Lima Pimpinan MPR merupakan Pemborosan
Rencana penambahan jumlah pimpinan Majelis Permusyawaratan Rakyat dari empat orang menjadi lima orang dinilai sebagai pemborosan uang negara mengingat peran pimpinan MPR sangat minim.
Penilaian itu disampaikan Forum Masyarakat Peduli Parlemen Indonesia (Formappi), Rabu (29/7), menanggapi kesepakatan dalam Rapat Kerja Panitia Khusus Rancangan Undang-Undang MPR, DPR, DPD, dan DPRD dengan pemerintah, Selasa.
”Pimpinan MPR mestinya tidak perlu ditambah karena perannya sangat minim. Adalah pemborosan kalau pimpinan MPR banyak. Seharusnya dikurangi menjadi dua saja,” kata Koordinator Formappi Sebastian Salang.
Formappi menegaskan, peran pimpinan MPR tidak besar karena yang utama adalah hanya ketika MPR bersidang. Padahal, apabila tidak terjadi agenda besar seperti Perubahan Undang-Undang Dasar, MPR hanya bersidang dua kali dalam lima tahun. Dengan demikian, tidak ada signifikansinya untuk menambah pimpinan MPR.
Dengan pimpinan MPR diciutkan menjadi dua orang saja, anggaran negara akan dihemat. Jika pimpinan MPR diperbesar, akan menjadi pemborosan.

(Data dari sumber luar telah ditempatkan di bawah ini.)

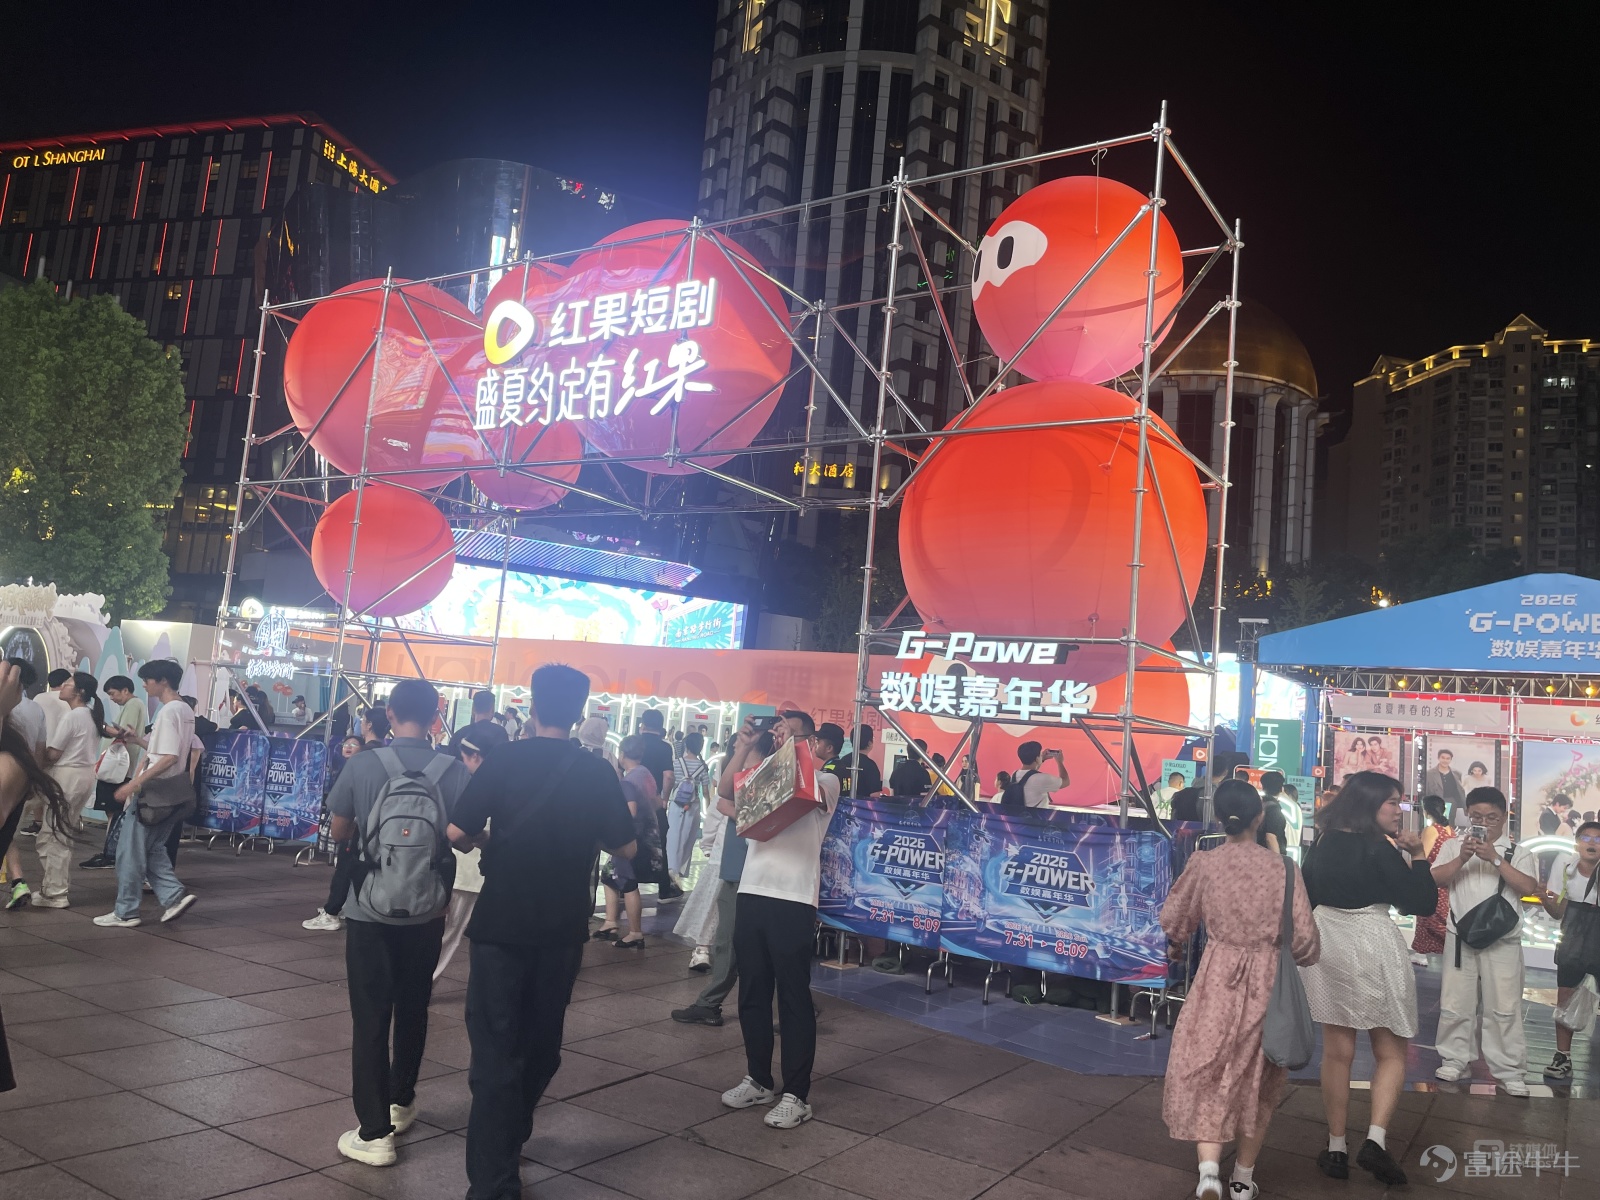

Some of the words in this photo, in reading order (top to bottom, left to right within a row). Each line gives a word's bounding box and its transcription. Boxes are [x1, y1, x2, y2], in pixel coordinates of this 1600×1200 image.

[42, 148, 105, 166] SHANGHAI
[549, 277, 717, 348] 红果短剧
[1520, 593, 1578, 607] 2026
[878, 671, 1090, 724] 数娱嘉年华
[1373, 702, 1456, 719] 盛夏青春的约定
[211, 755, 228, 764] 2026
[270, 761, 287, 771] 2026
[893, 834, 926, 849] 2026
[867, 843, 945, 870] G-POWER
[1030, 852, 1069, 869] 2026
[883, 866, 930, 880] 数娱嘉年华
[1001, 860, 1097, 895] G-POWER
[1019, 886, 1075, 902] 数娱嘉年华
[870, 907, 895, 923] 7.31
[913, 915, 941, 933] 8.09
[1004, 931, 1033, 948] 7.31
[1054, 940, 1088, 958] 8.09

Sebastian menduga, rencana penambahan pimpinan MPR ini bermotivasi kekuasaan yang sangat besar dari partai politik, bukan didasari peningkatan kinerja MPR.

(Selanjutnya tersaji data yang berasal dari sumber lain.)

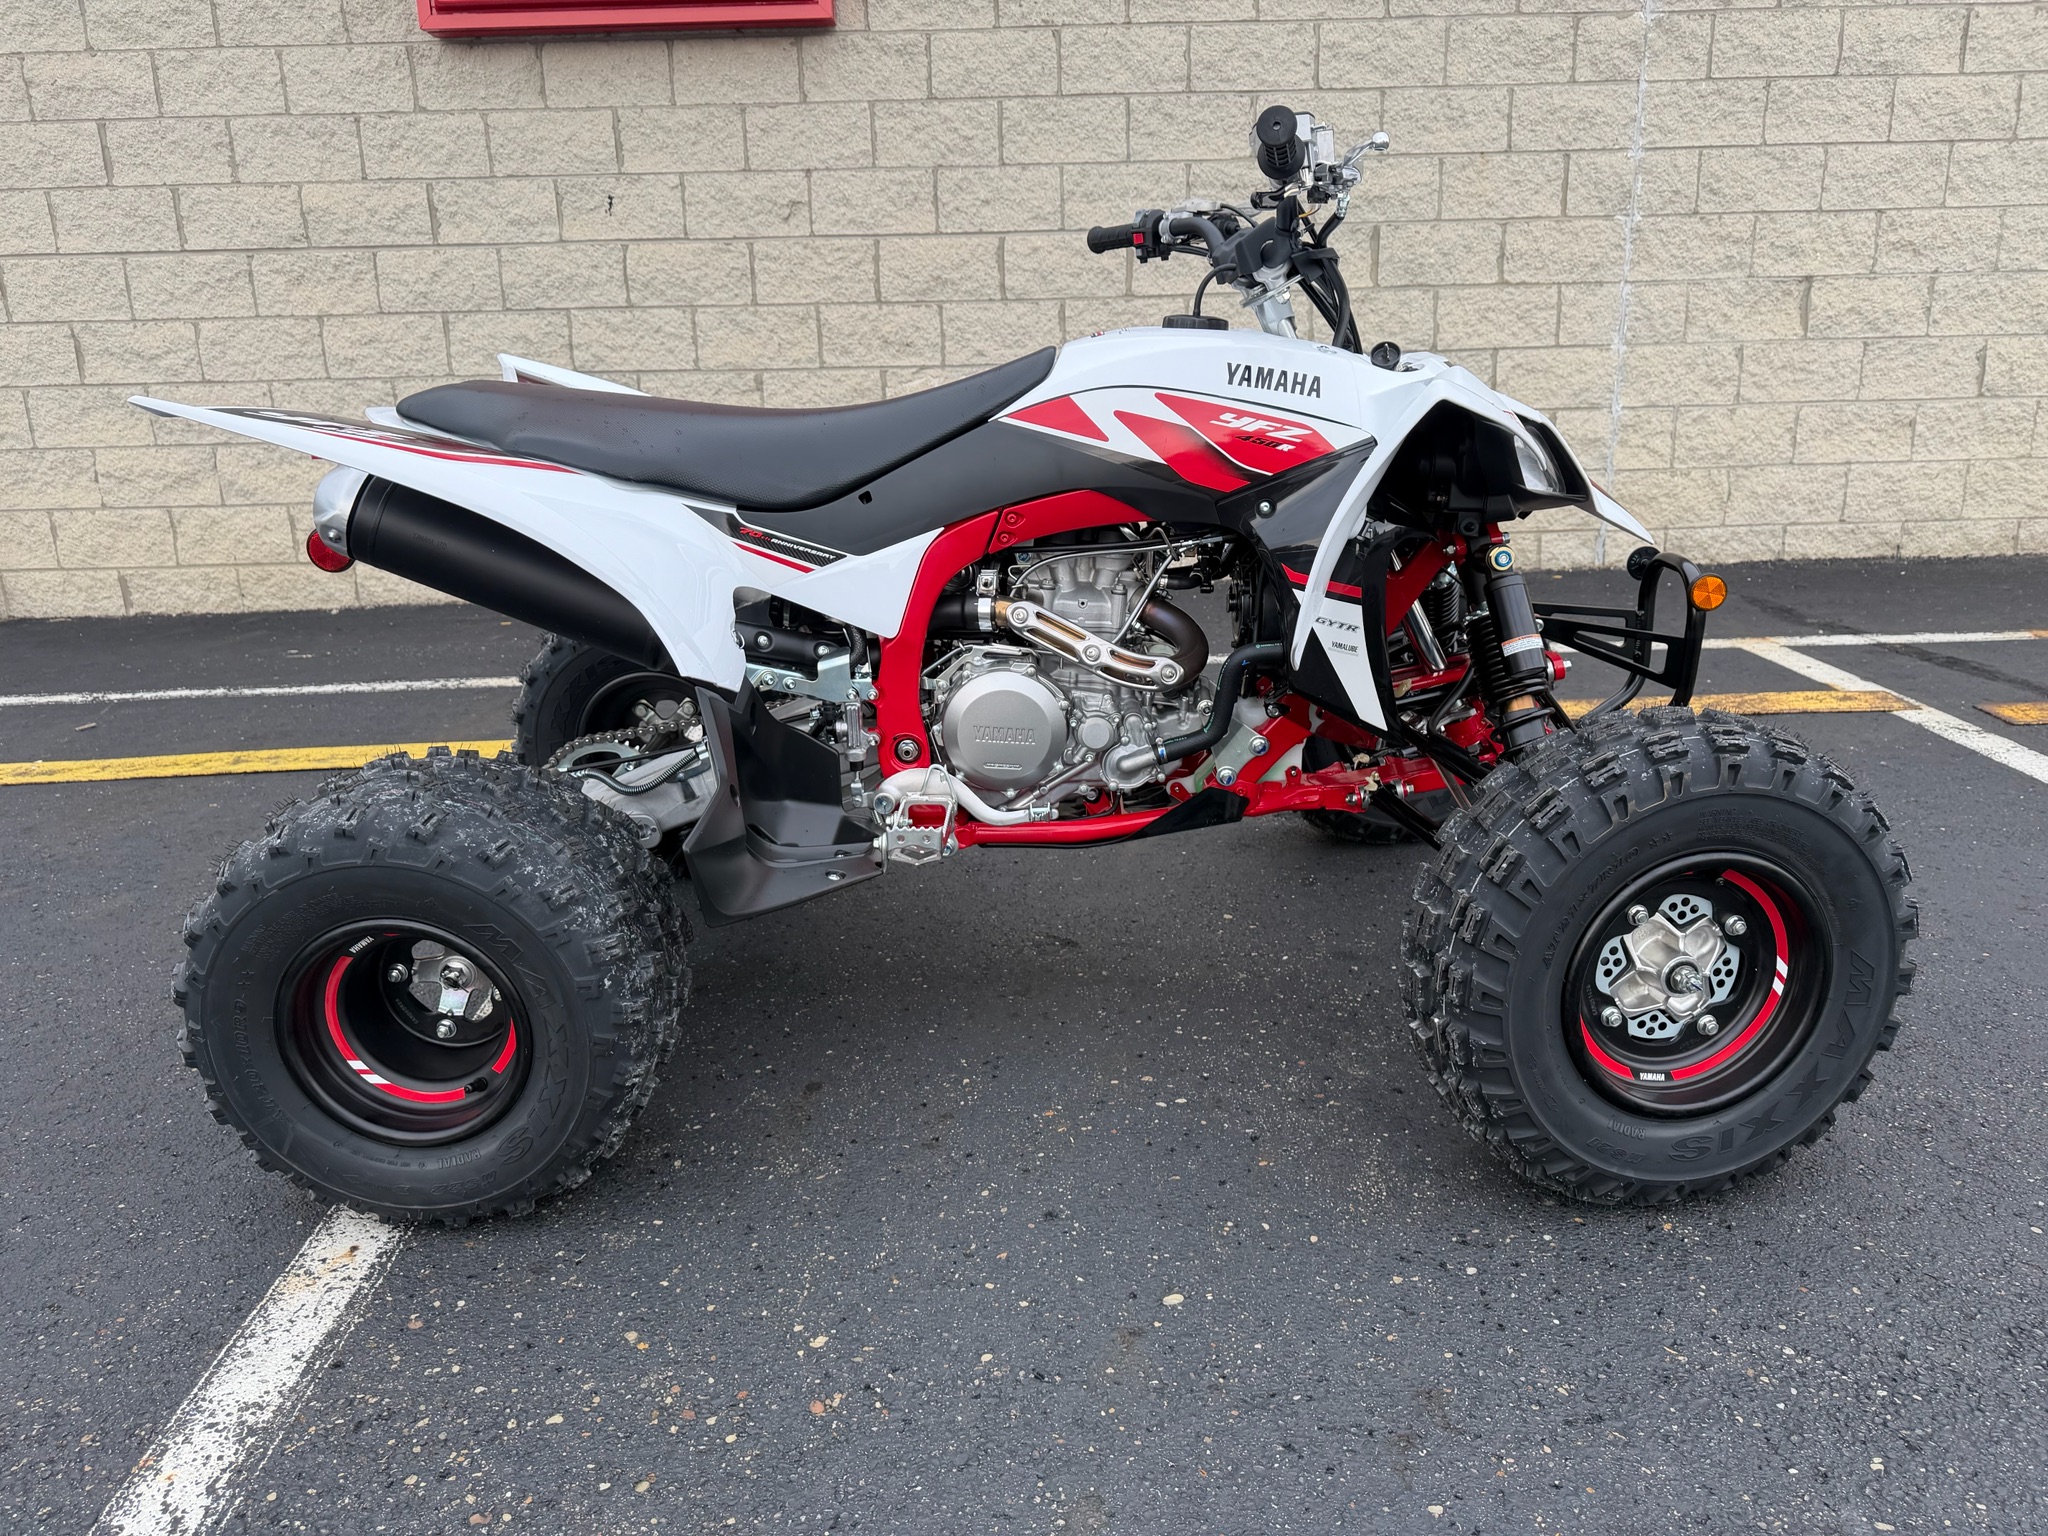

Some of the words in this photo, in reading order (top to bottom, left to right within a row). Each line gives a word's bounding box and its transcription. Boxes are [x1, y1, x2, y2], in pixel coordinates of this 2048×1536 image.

[1226, 361, 1321, 399] YAMAHA
[1209, 412, 1314, 443] YFZ
[1234, 435, 1297, 452] 450R
[770, 537, 837, 560] ANNIVERSARY
[1315, 616, 1361, 634] GYTR
[1331, 640, 1359, 654] YAMALUBE
[973, 725, 1036, 745] YAMAHA
[348, 935, 375, 955] YAMAHA
[463, 923, 569, 1165] MAXXIS
[1668, 948, 1876, 1162] MAXXIS
[1639, 1071, 1666, 1082] YAMAHA
[1607, 1117, 1646, 1140] RADIAL
[437, 1148, 481, 1169] RADIAL
[431, 1169, 497, 1195] MS22

Pengeluaran anggaran negara untuk satu orang Wakil Ketua MPR, berdasarkan kajian Kompas dengan mengacu pada Rencana Kerja dan Anggaran MPR Berdasarkan Pagu Definitif Tahun 2008, besarnya minimal sekitar Rp 2,2 miliar per tahun (lihat tabel).

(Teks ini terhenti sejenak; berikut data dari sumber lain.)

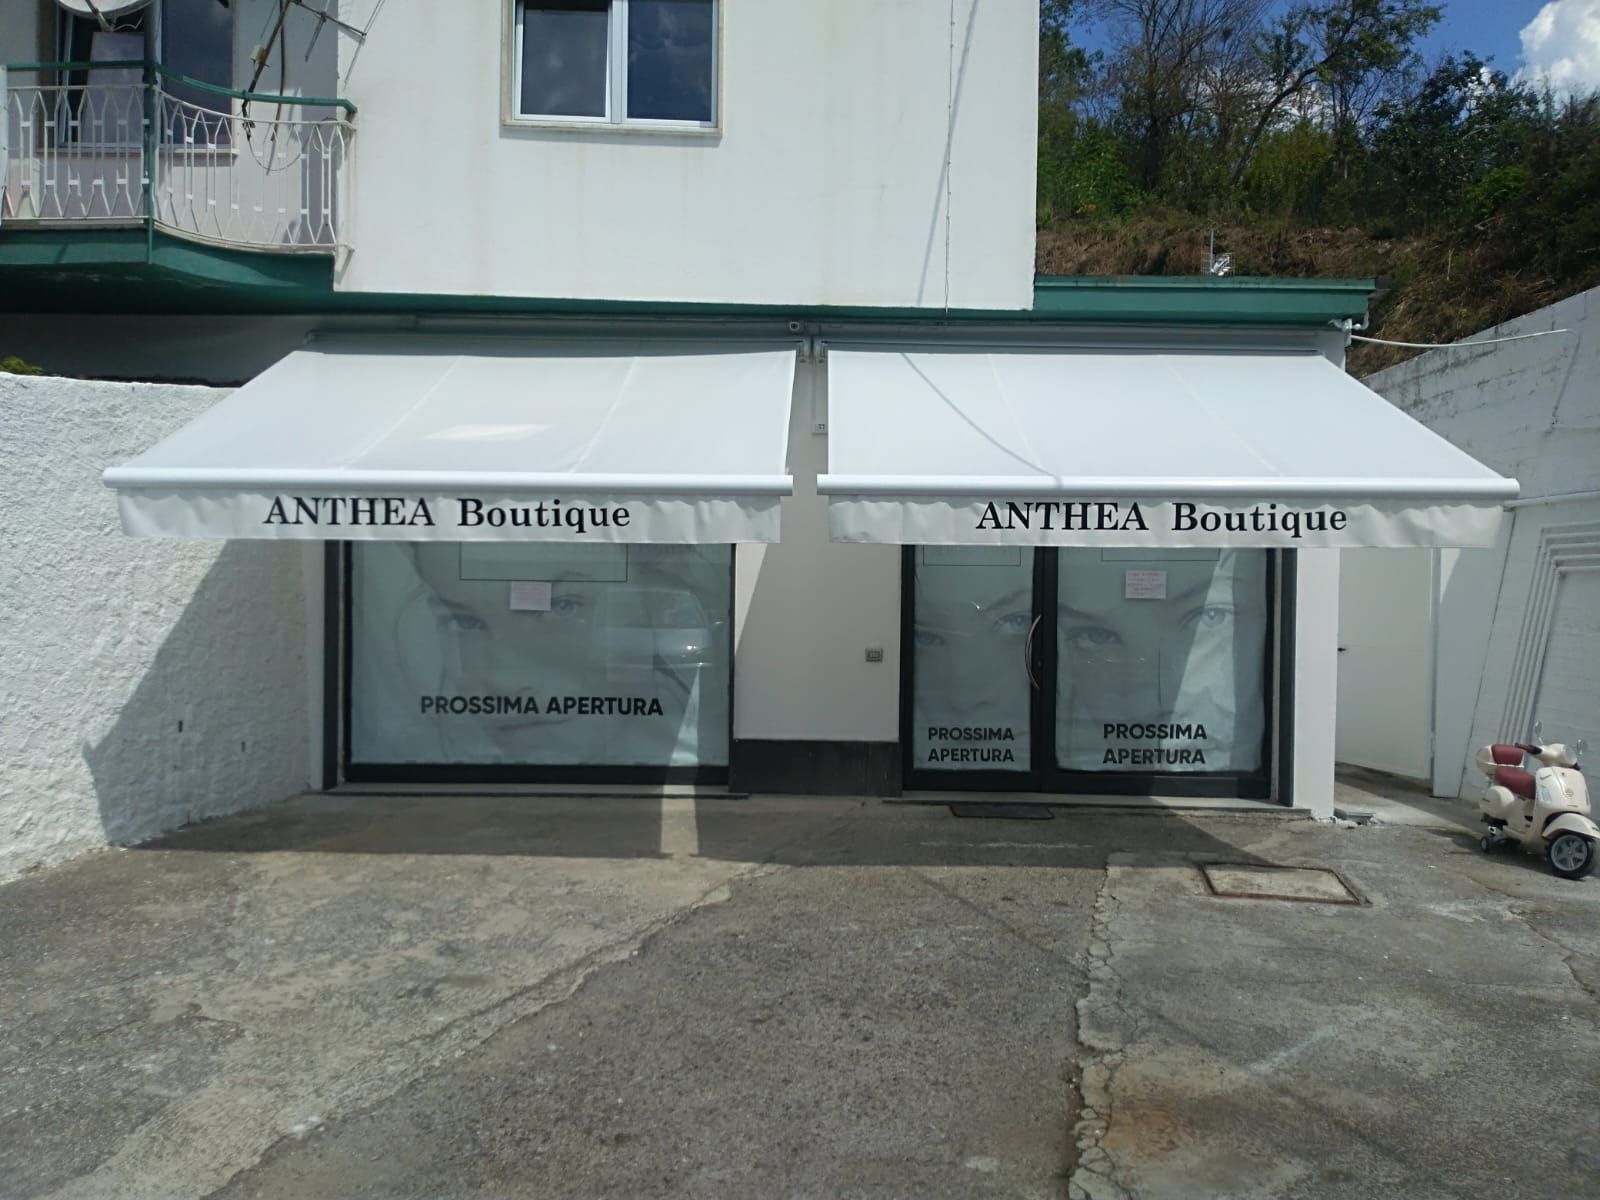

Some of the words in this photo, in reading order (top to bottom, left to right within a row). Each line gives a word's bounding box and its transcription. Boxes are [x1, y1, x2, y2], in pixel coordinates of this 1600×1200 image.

[263, 496, 436, 526] ANTHEA
[456, 497, 631, 534] Boutique
[975, 501, 1150, 531] ANTHEA
[1171, 502, 1348, 538] Boutique
[420, 695, 540, 715] PROSSIMA
[545, 696, 664, 716] APERTURA
[927, 726, 1015, 742] PROSSIMA
[1103, 722, 1208, 740] PROSSIMA
[927, 747, 1015, 763] APERTURA
[1102, 747, 1206, 765] APERTURA

Mengacu pada pandangan Formappi, apabila pimpinan MPR diciutkan dari empat orang menjadi dua orang, hal itu akan menghemat uang negara Rp 4,4 miliar setahun atau Rp 22 miliar dalam lima tahun.
Sebaliknya, apabila pimpinan MPR justru diperbesar dari empat orang menjadi lima orang sebagaimana telah disepakati Panitia Khusus DPR dan pemerintah, potensi pemborosan anggaran negara akan menjadi sebesar Rp 6,6 miliar setahun atau Rp 33 miliar dalam lima tahun. (sut)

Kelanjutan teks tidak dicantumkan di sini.